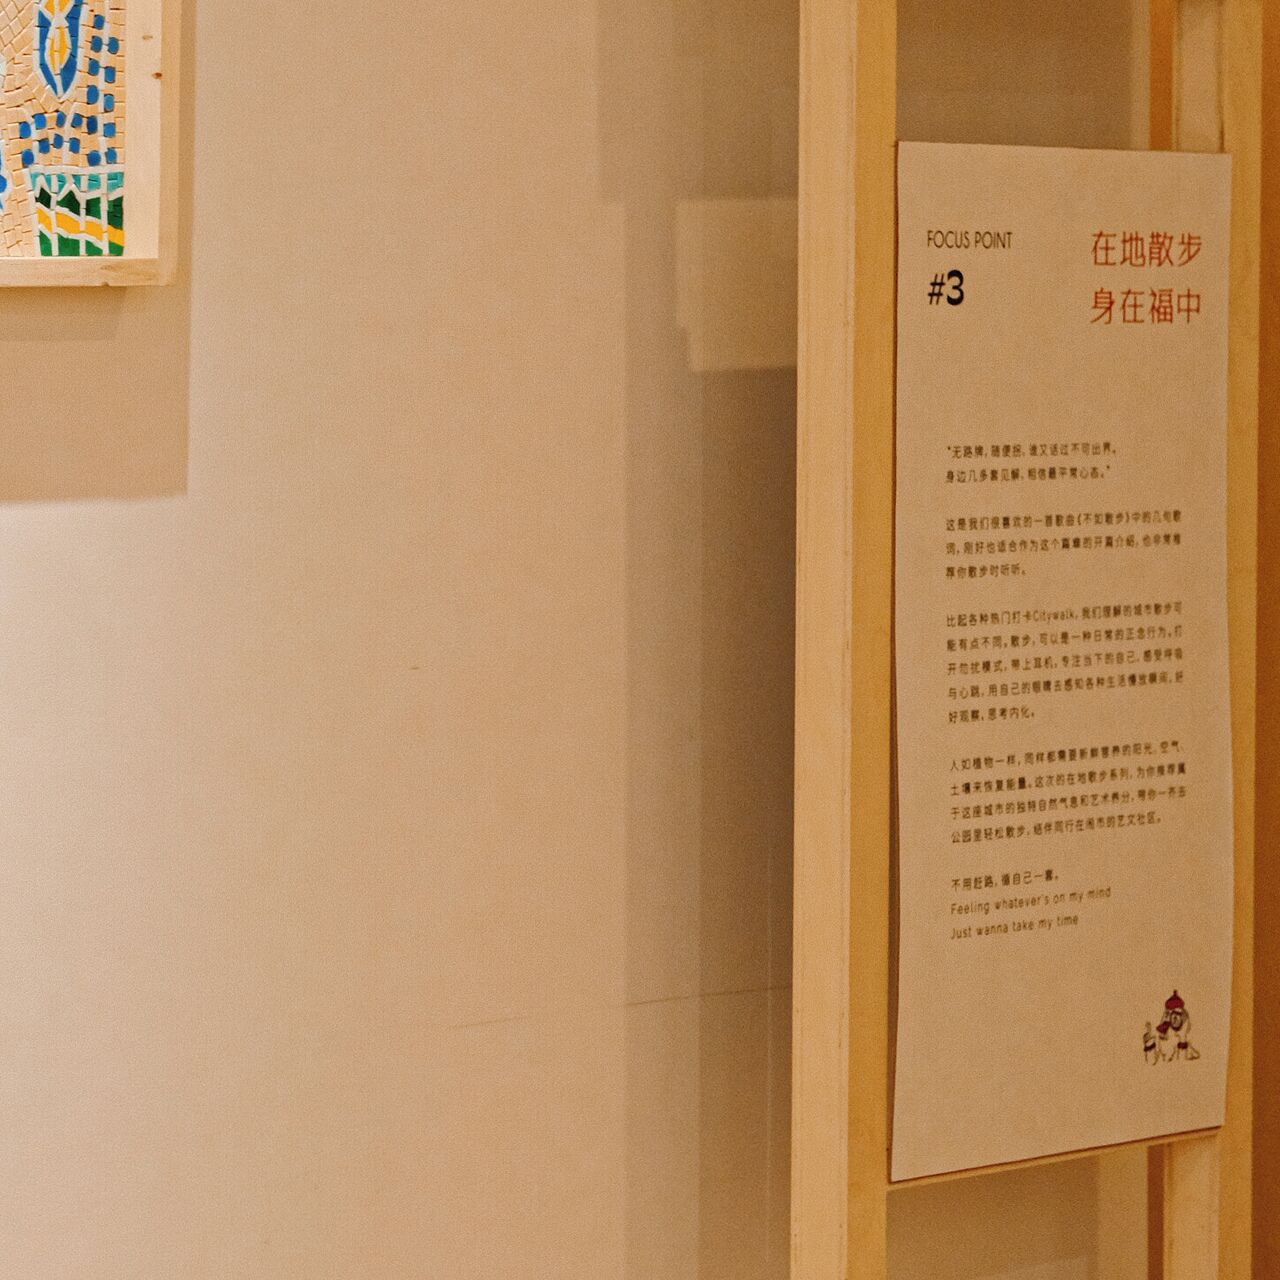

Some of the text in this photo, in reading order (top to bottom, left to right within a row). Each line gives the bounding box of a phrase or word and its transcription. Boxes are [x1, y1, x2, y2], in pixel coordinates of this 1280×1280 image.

[927, 230, 1013, 249] FOCUS POINT
[1091, 231, 1202, 267] 在地散步
[927, 269, 965, 306] #3
[1091, 287, 1201, 324] 身在福中
[951, 902, 990, 915] Feeling
[1053, 894, 1065, 904] on
[1070, 891, 1084, 903] my
[1087, 886, 1111, 899] mind
[951, 915, 1078, 940] Just wanna take my time
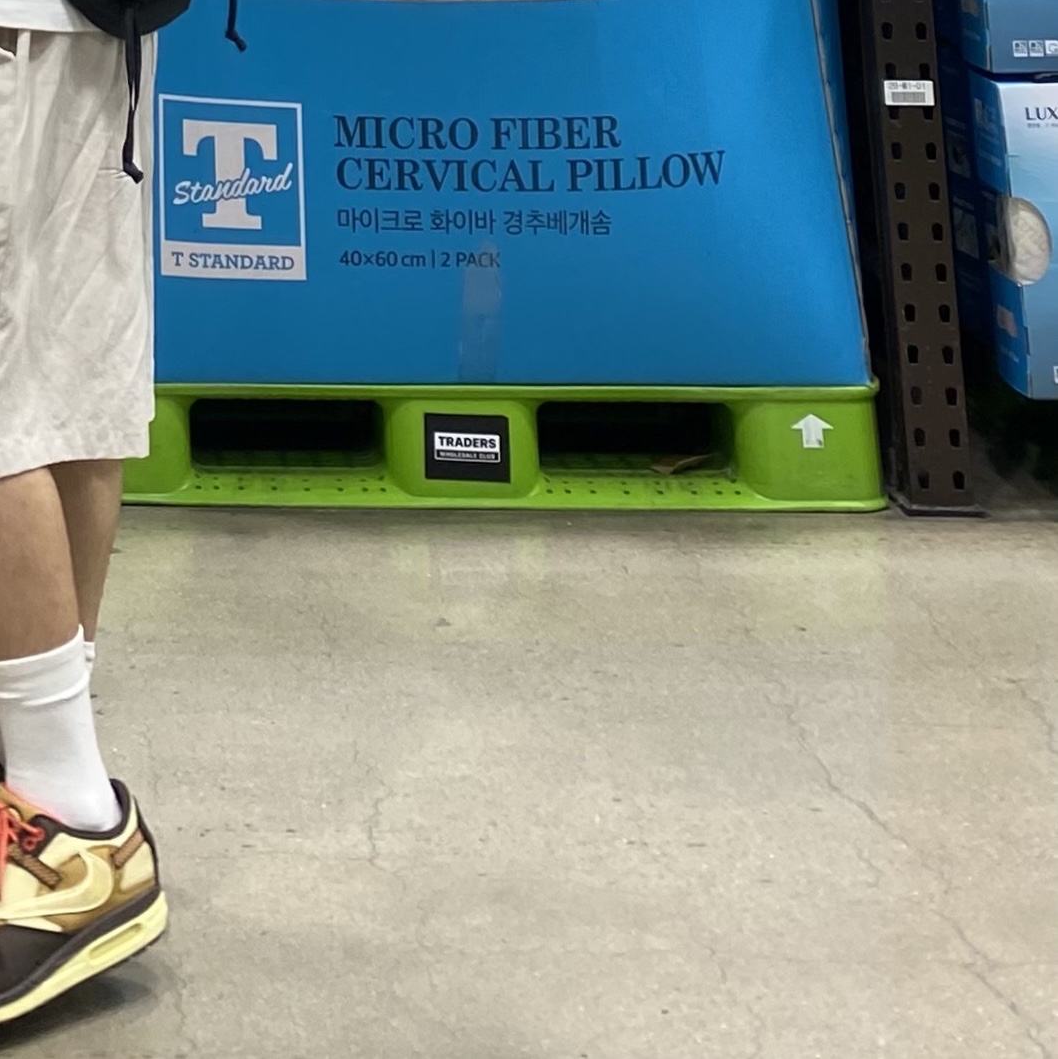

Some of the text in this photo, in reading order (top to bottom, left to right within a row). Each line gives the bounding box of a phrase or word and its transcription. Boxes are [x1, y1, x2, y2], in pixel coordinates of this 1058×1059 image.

[333, 114, 622, 151] MICRO FIBER
[172, 161, 293, 207] Standard
[182, 119, 278, 231] T
[335, 150, 726, 194] CERVICAL PILLOW
[336, 208, 612, 236] 마이크로 화이바 경추베개솜
[171, 250, 296, 272] T STANDARD
[440, 251, 451, 269] 2
[455, 251, 502, 270] PACK
[438, 436, 497, 449] TRADERS
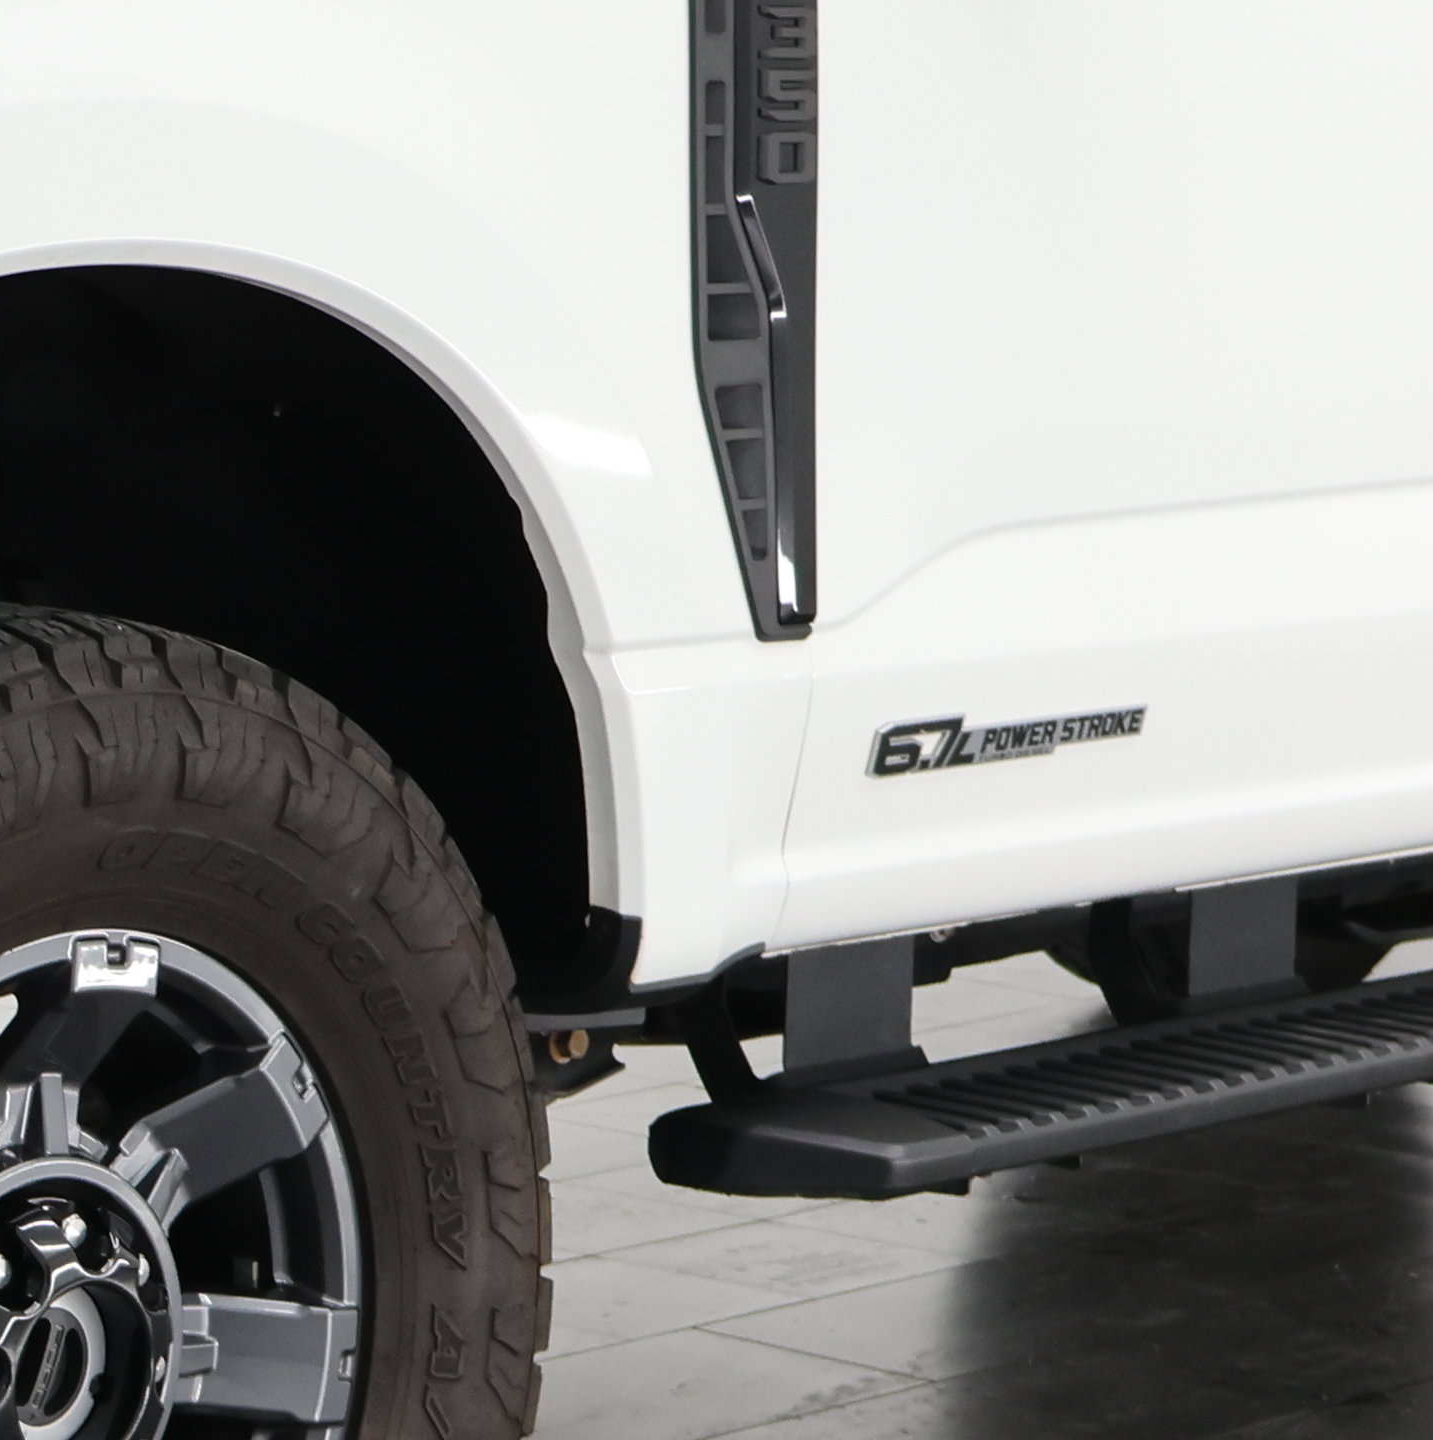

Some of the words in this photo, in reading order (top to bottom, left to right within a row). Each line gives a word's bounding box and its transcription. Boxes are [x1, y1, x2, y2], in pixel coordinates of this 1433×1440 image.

What is needed
Repeat the listing above word for word, omitting the pictures.

Exercise solution
Some of the text in this photo, in reading order (top to bottom, left to right within a row). Each line gives the bounding box of a phrase or word and its transcription. Boxes are [x1, y1, x2, y2], in pixel coordinates of this 1280×1280 image.

[927, 230, 1013, 249] FOCUS POINT
[1091, 231, 1202, 267] 在地散步
[927, 269, 965, 306] #3
[1091, 287, 1201, 324] 身在福中
[951, 902, 990, 915] Feeling
[1053, 894, 1065, 904] on
[1070, 891, 1084, 903] my
[1087, 886, 1111, 899] mind
[951, 915, 1078, 940] Just wanna take my time

Some of the text in this photo, in reading order (top to bottom, left to right within a row). Each line gives the bounding box of a phrase or word and its transcription. Boxes are [x1, y1, x2, y2], in pixel coordinates of this 1058×1059 image.

[333, 114, 622, 151] MICRO FIBER
[172, 161, 293, 207] Standard
[182, 119, 278, 231] T
[335, 150, 726, 194] CERVICAL PILLOW
[336, 208, 612, 236] 마이크로 화이바 경추베개솜
[171, 250, 296, 272] T STANDARD
[440, 251, 451, 269] 2
[455, 251, 502, 270] PACK
[438, 436, 497, 449] TRADERS

Some of the words in this photo, in reading order (top to bottom, left to right within a row). Each line gives a word's bounding box and its transcription. Boxes are [x1, y1, x2, y2], in pixel coordinates of this 1433×1440 image.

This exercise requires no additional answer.